Work to complete: The answer is the data below, repeated exactly, with no pictures included.

*** Opening of Records to use ***

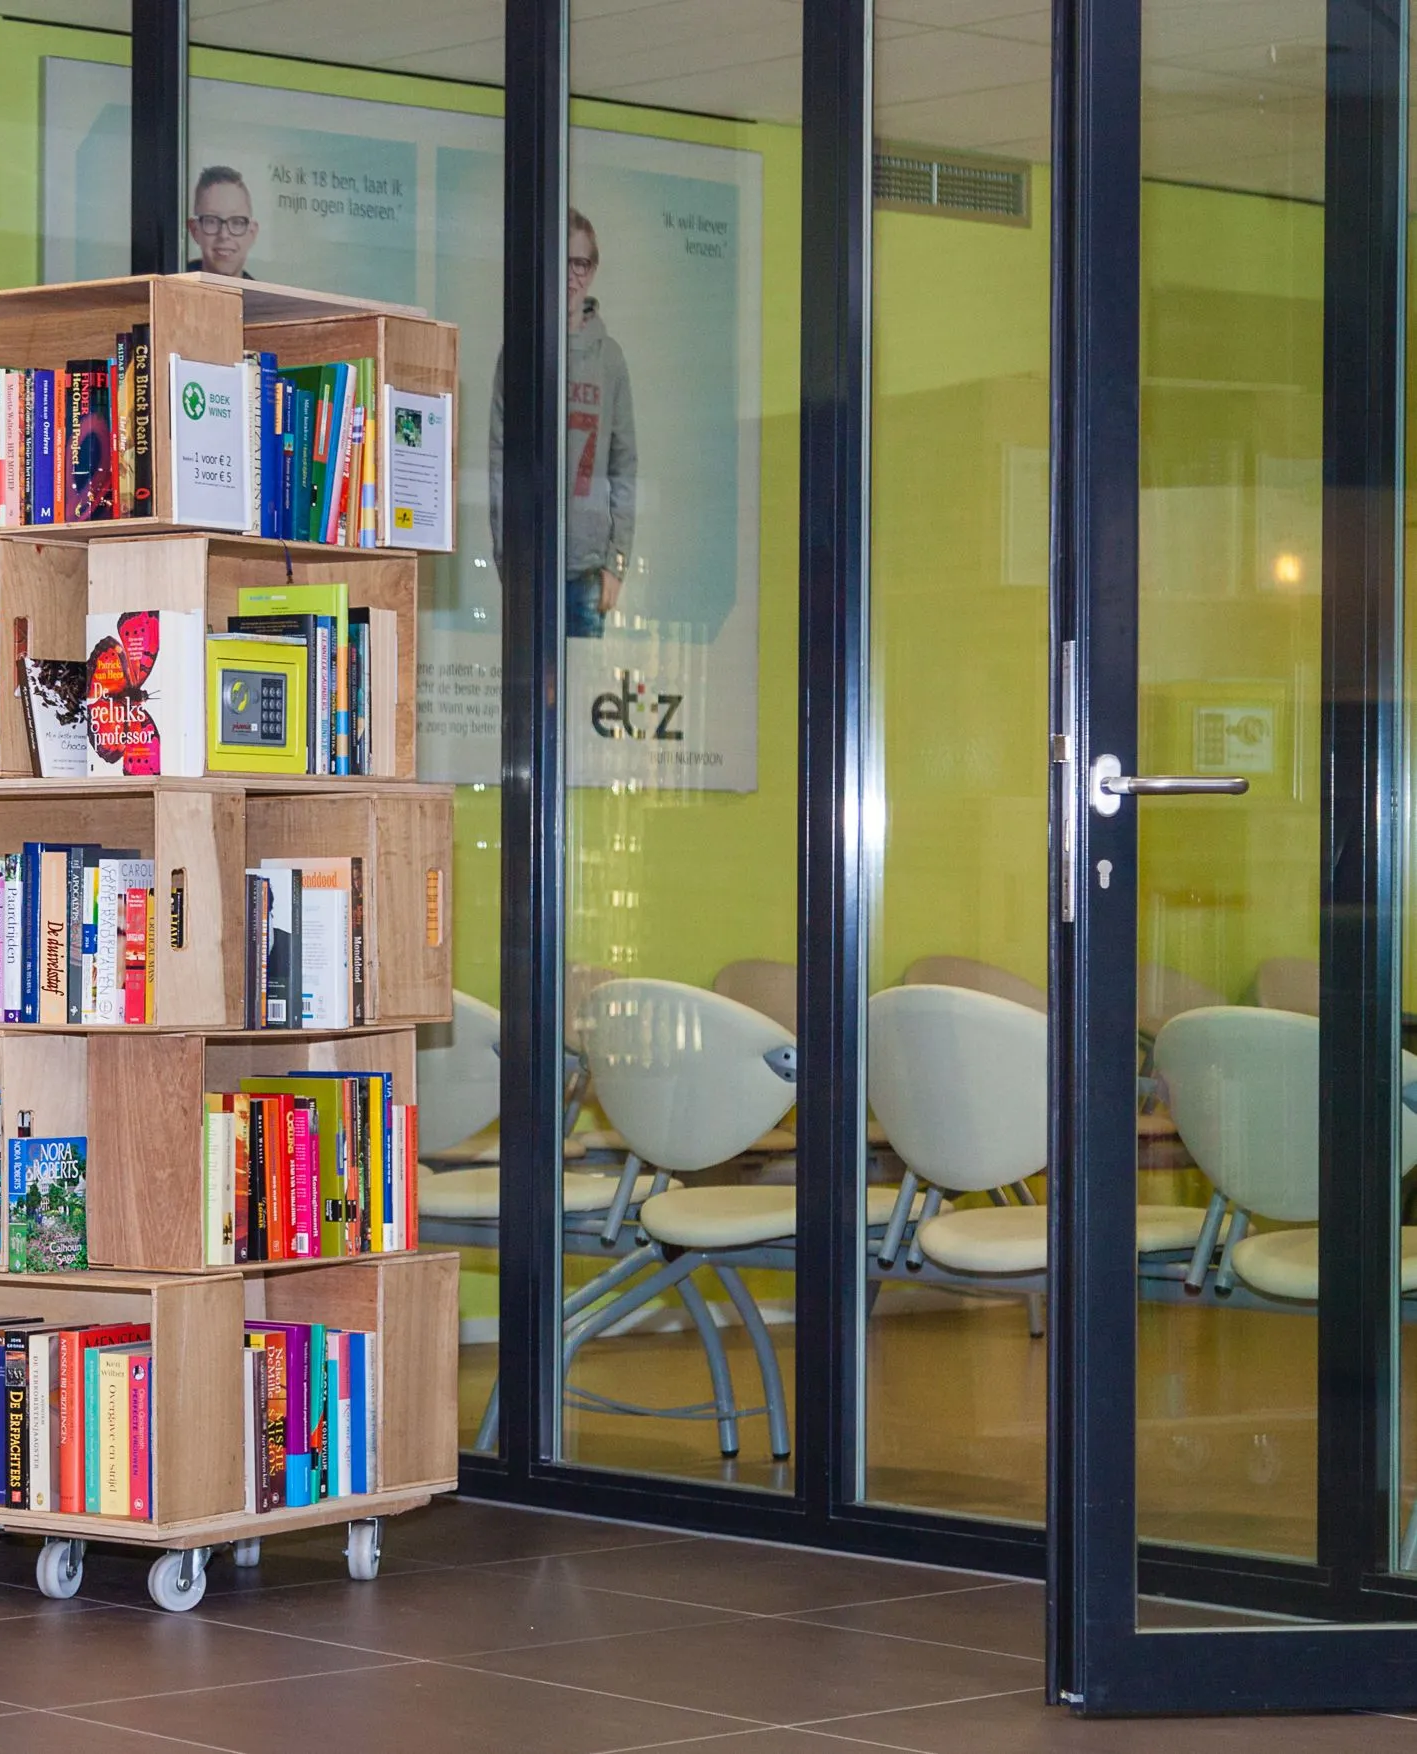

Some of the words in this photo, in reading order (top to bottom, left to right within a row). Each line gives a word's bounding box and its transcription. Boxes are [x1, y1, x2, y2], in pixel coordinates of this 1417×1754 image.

[296, 166, 307, 185] ik
[312, 170, 328, 188] 18
[364, 173, 388, 195] laat
[392, 178, 403, 197] ik
[278, 193, 307, 214] mijn
[312, 197, 344, 217] ogen
[136, 344, 149, 369] The
[73, 372, 81, 391] Het
[81, 373, 89, 415] FINDER
[136, 376, 149, 413] Black
[72, 392, 81, 427] Orakel
[208, 406, 232, 419] WINST
[209, 393, 231, 405] BOEK
[70, 428, 80, 465] Project
[136, 416, 149, 456] Death
[194, 452, 199, 463] 1
[201, 455, 218, 465] voor
[219, 455, 225, 466] €
[226, 455, 232, 467] 2
[194, 468, 200, 479] 3
[201, 470, 218, 481] voor
[219, 471, 225, 482] €
[226, 471, 232, 483] 5
[97, 660, 121, 670] Patrick
[93, 682, 110, 700] De
[90, 696, 146, 733] geluks
[93, 725, 155, 752] professor
[72, 874, 80, 921] APOCALYPS
[6, 887, 19, 964] Paardrijden
[46, 920, 64, 937] De
[41, 939, 64, 997] duivelsstaf
[354, 936, 362, 984] Monddood
[286, 1110, 295, 1155] COLLINS
[40, 1142, 72, 1162] NORA
[14, 1162, 22, 1190] ROBERTS
[34, 1159, 79, 1181] ROBERTS
[49, 1242, 82, 1254] Calhoun
[55, 1253, 77, 1266] Saga
[267, 1345, 277, 1399] DeMille
[275, 1348, 284, 1394] Nelson
[9, 1390, 24, 1409] DE
[108, 1384, 117, 1442] Overgave
[9, 1413, 24, 1488] ERFPACHTERS
[108, 1445, 115, 1460] en
[267, 1408, 276, 1477] SAIGON
[275, 1412, 284, 1472] MISSIE
[108, 1463, 117, 1493] strijd
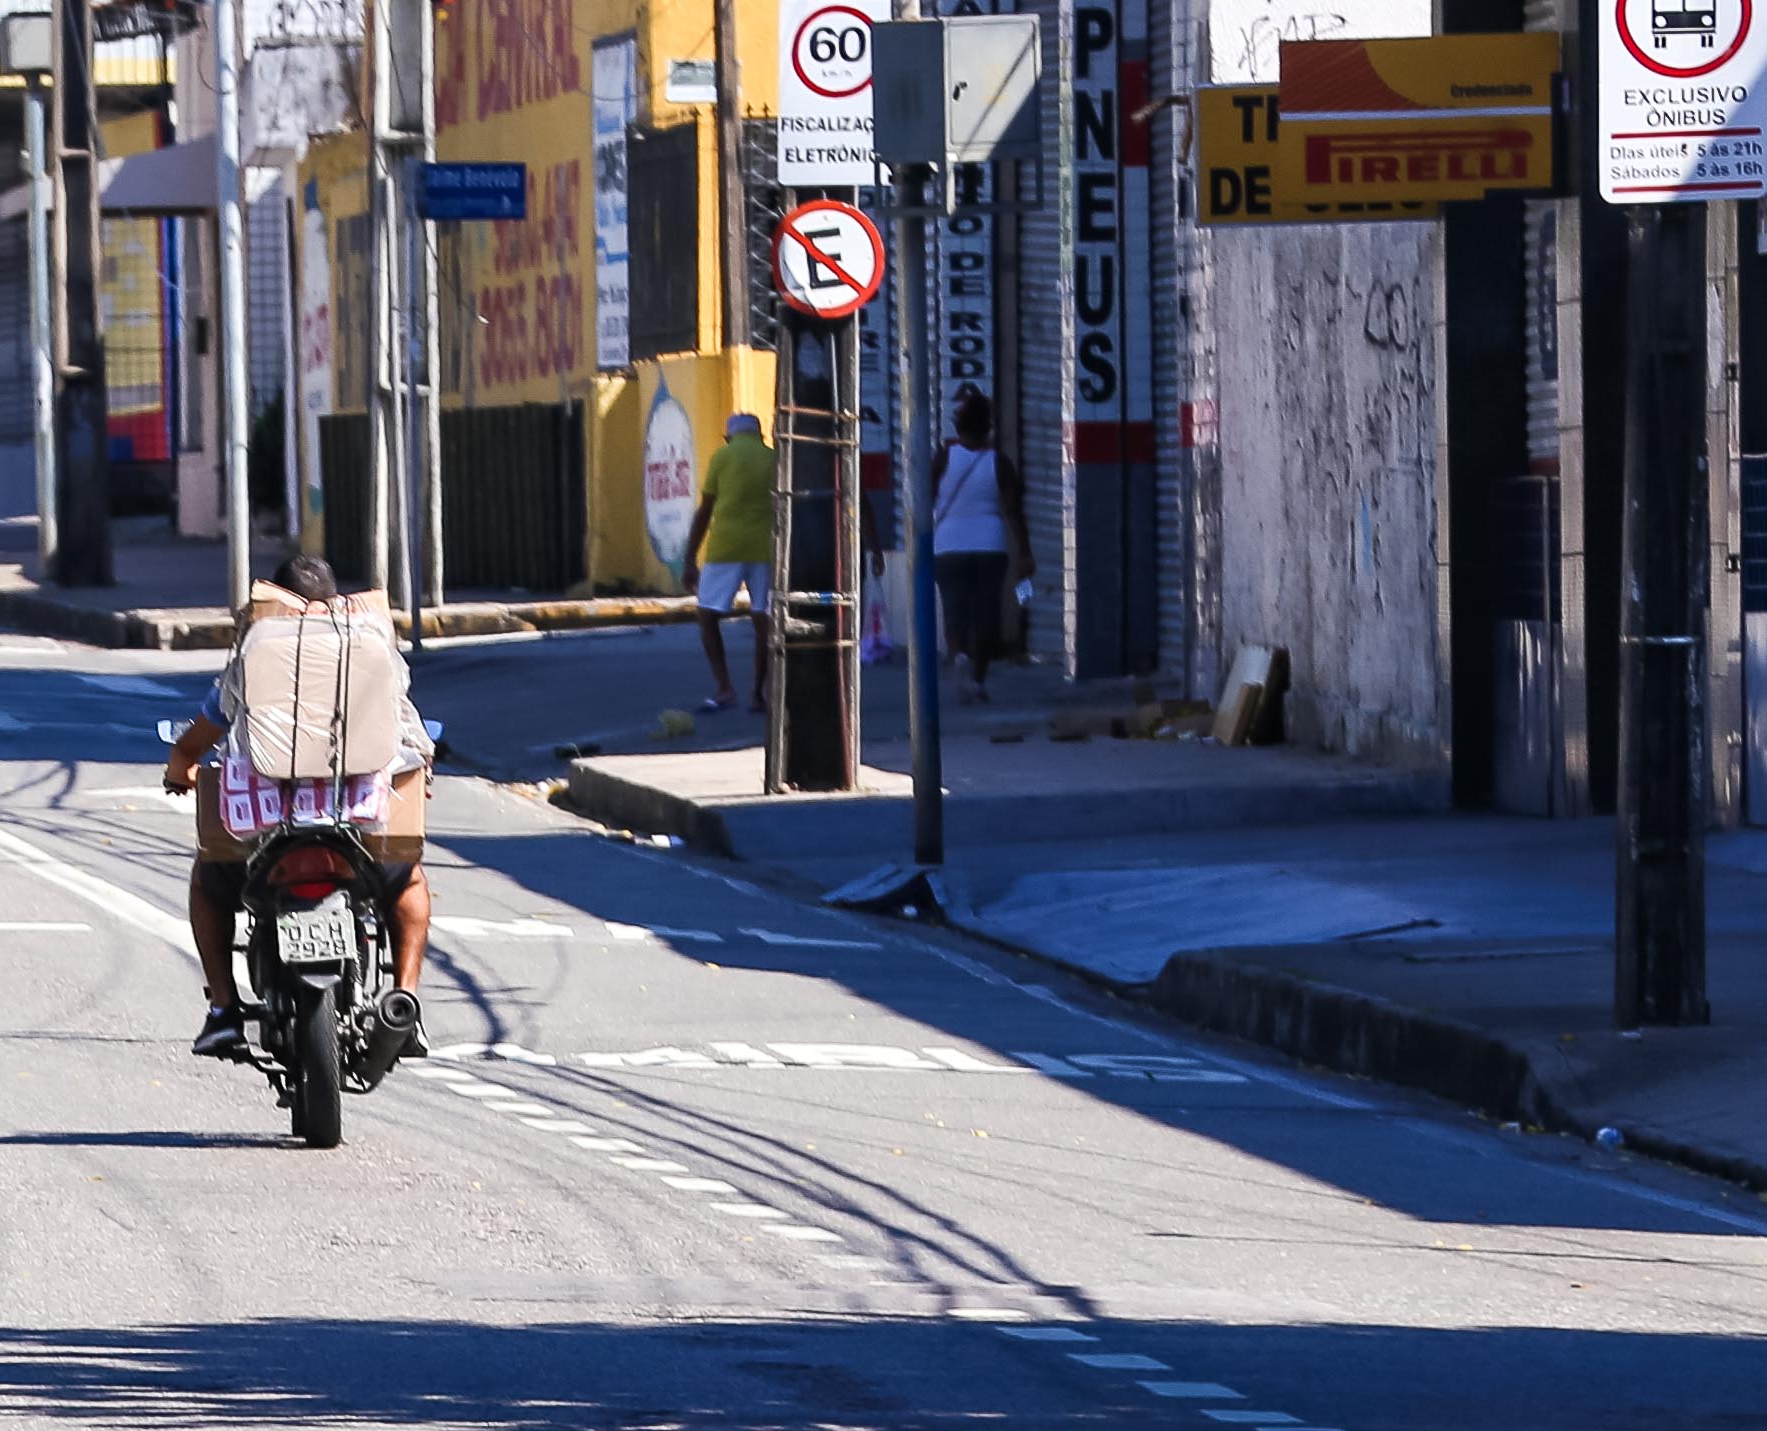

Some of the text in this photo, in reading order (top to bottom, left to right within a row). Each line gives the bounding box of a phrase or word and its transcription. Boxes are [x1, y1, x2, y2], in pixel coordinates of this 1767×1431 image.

*** Close of Records to use ***

Answer to this task:
Some of the words in this photo, in reading order (top to bottom, left to right within a row). Each line gives a word's bounding box and its transcription. Boxes are [x1, y1, x2, y2], in pixel coordinates of this 1417×1754 image.

[296, 166, 307, 185] ik
[312, 170, 328, 188] 18
[364, 173, 388, 195] laat
[392, 178, 403, 197] ik
[278, 193, 307, 214] mijn
[312, 197, 344, 217] ogen
[136, 344, 149, 369] The
[73, 372, 81, 391] Het
[81, 373, 89, 415] FINDER
[136, 376, 149, 413] Black
[72, 392, 81, 427] Orakel
[208, 406, 232, 419] WINST
[209, 393, 231, 405] BOEK
[70, 428, 80, 465] Project
[136, 416, 149, 456] Death
[194, 452, 199, 463] 1
[201, 455, 218, 465] voor
[219, 455, 225, 466] €
[226, 455, 232, 467] 2
[194, 468, 200, 479] 3
[201, 470, 218, 481] voor
[219, 471, 225, 482] €
[226, 471, 232, 483] 5
[97, 660, 121, 670] Patrick
[93, 682, 110, 700] De
[90, 696, 146, 733] geluks
[93, 725, 155, 752] professor
[72, 874, 80, 921] APOCALYPS
[6, 887, 19, 964] Paardrijden
[46, 920, 64, 937] De
[41, 939, 64, 997] duivelsstaf
[354, 936, 362, 984] Monddood
[286, 1110, 295, 1155] COLLINS
[40, 1142, 72, 1162] NORA
[14, 1162, 22, 1190] ROBERTS
[34, 1159, 79, 1181] ROBERTS
[49, 1242, 82, 1254] Calhoun
[55, 1253, 77, 1266] Saga
[267, 1345, 277, 1399] DeMille
[275, 1348, 284, 1394] Nelson
[9, 1390, 24, 1409] DE
[108, 1384, 117, 1442] Overgave
[9, 1413, 24, 1488] ERFPACHTERS
[108, 1445, 115, 1460] en
[267, 1408, 276, 1477] SAIGON
[275, 1412, 284, 1472] MISSIE
[108, 1463, 117, 1493] strijd

Some of the text in this photo, in reading order (top to bottom, left to right within a row). Each line gives the bounding box of a phrase or word and its transcription. Boxes are [x1, y1, x2, y2], in pixel coordinates of this 1767×1431 image.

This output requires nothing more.